Periodic Product Pressure Testing
Idea
Schedule regular adversarial review sessions to challenge assumptions, scope, priorities, and strategy. Inspired by the BMAD Method (pre-mortems, devil’s advocate, investor pitch framing) but applied as an ongoing discipline rather than a one-time planning exercise.
Why
- Easy to accumulate scope without questioning whether each piece earns its place
- Assumptions that were true at project start may not hold as development progresses and market feedback arrives
- Structured pushback surfaces blind spots that day-to-day building misses
- Cheaper to cut or pivot on paper than after implementation
Format
A focused conversation covering one or more areas:
- Pre-mortem: “The product launched and failed. What went wrong?”

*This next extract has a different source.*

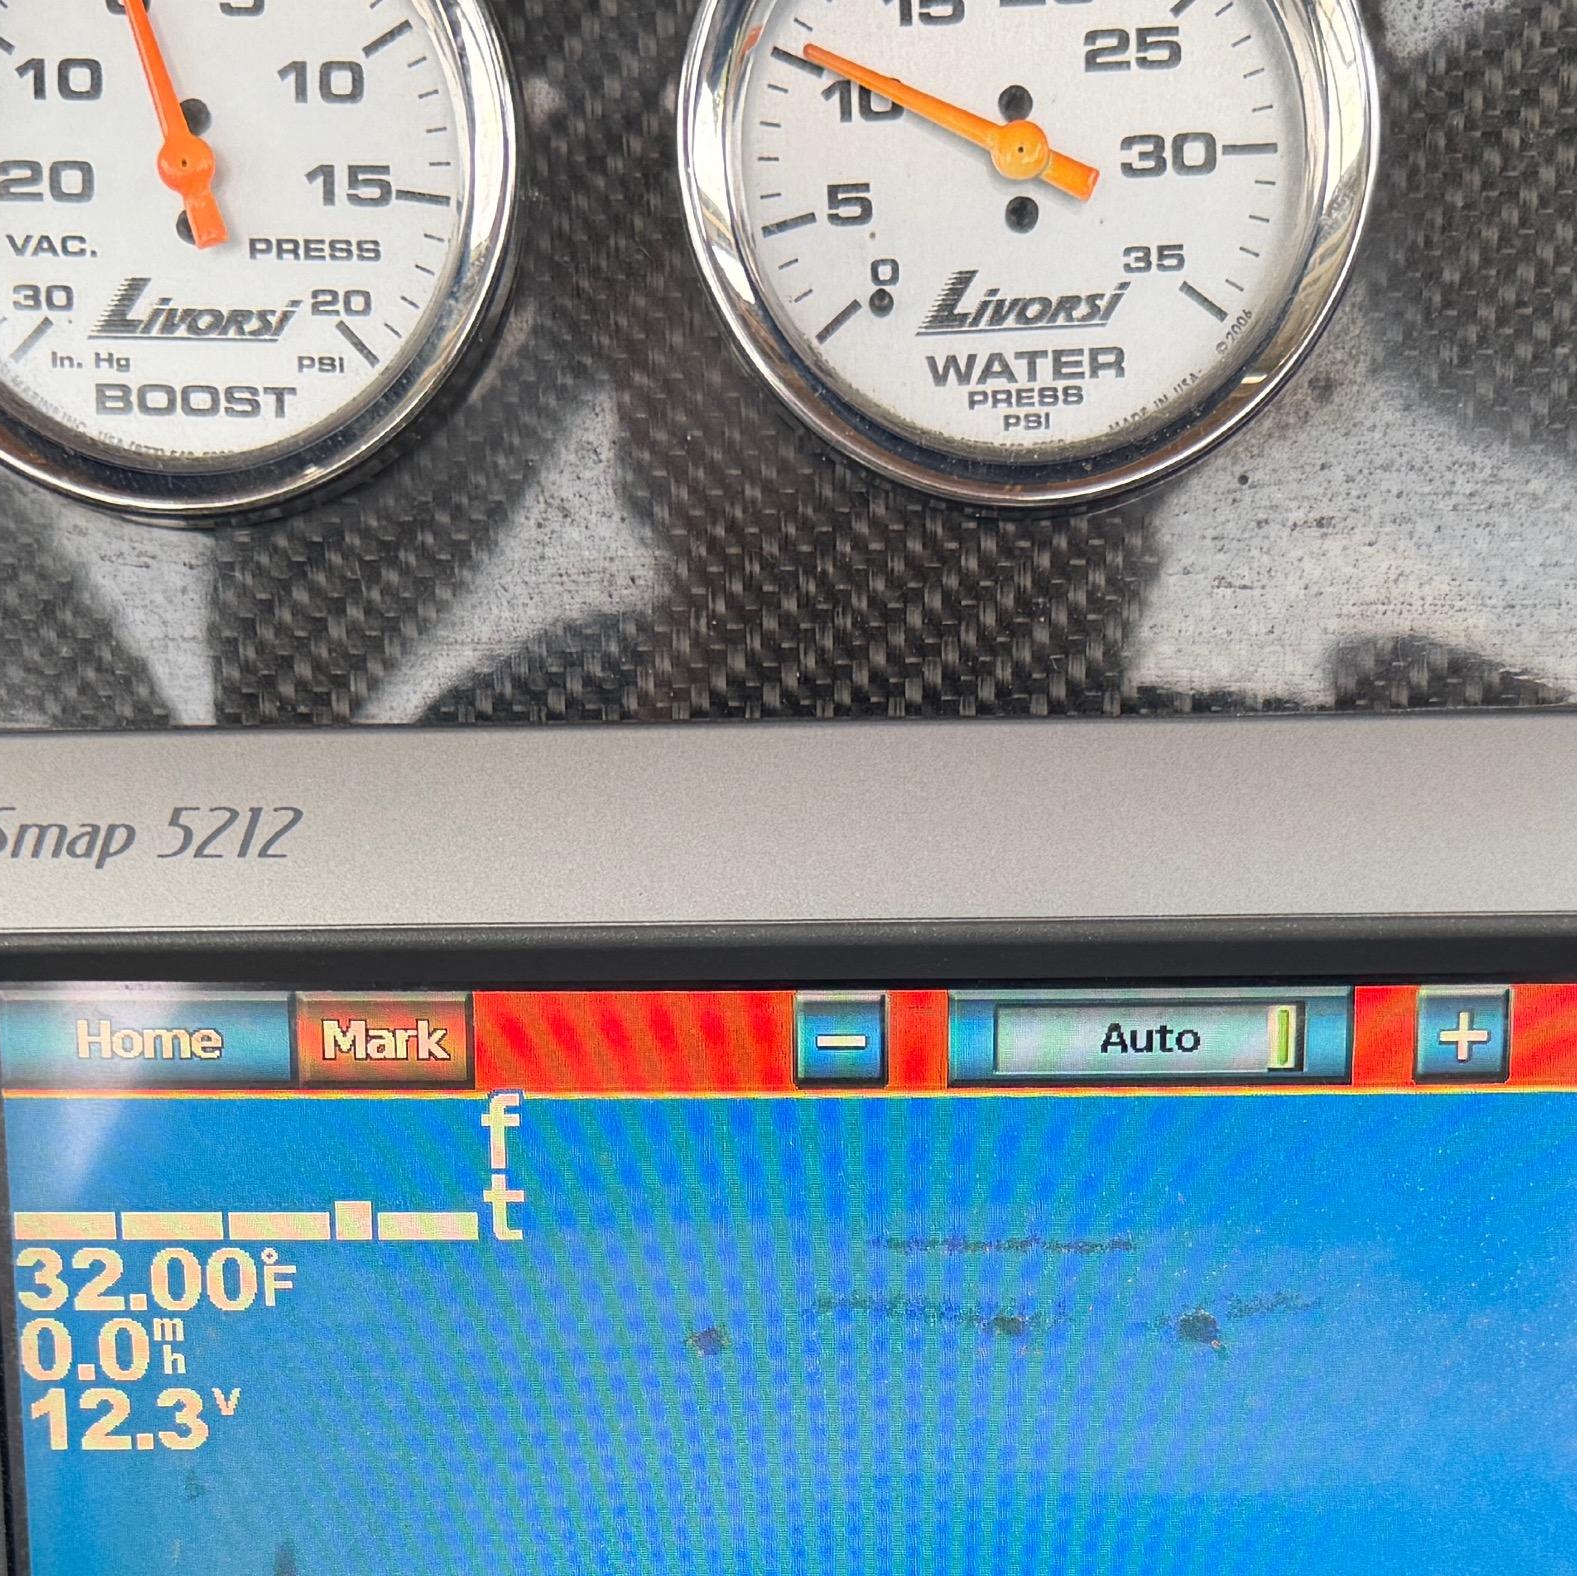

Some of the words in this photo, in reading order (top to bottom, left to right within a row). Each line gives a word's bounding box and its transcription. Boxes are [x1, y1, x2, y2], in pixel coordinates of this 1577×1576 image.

- Devil’s advocate: “Why is this the wrong approach?”
- Investor pitch: “Convince me this is worth funding — what’s the weakest part of the pitch?”
- Scope audit: “Which MVP items could be cut without losing the core value proposition?”
- Segment challenge: “Is this the right customer to build for first?”
- Risk inventory: “What are we most uncertain about and what would reduce that uncertainty?”
When
- Before major milestones (first deploy, beta launch, app store push)
- After receiving beta tester feedback (do the assumptions still hold?)
- When scope grows (new work items added to roadmap)
- Quarterly as a general health check
Open Questions
- Should findings be captured in a structured format (dated notes with action items)?
- Should this be a solo exercise or involve Isaac / the broader team?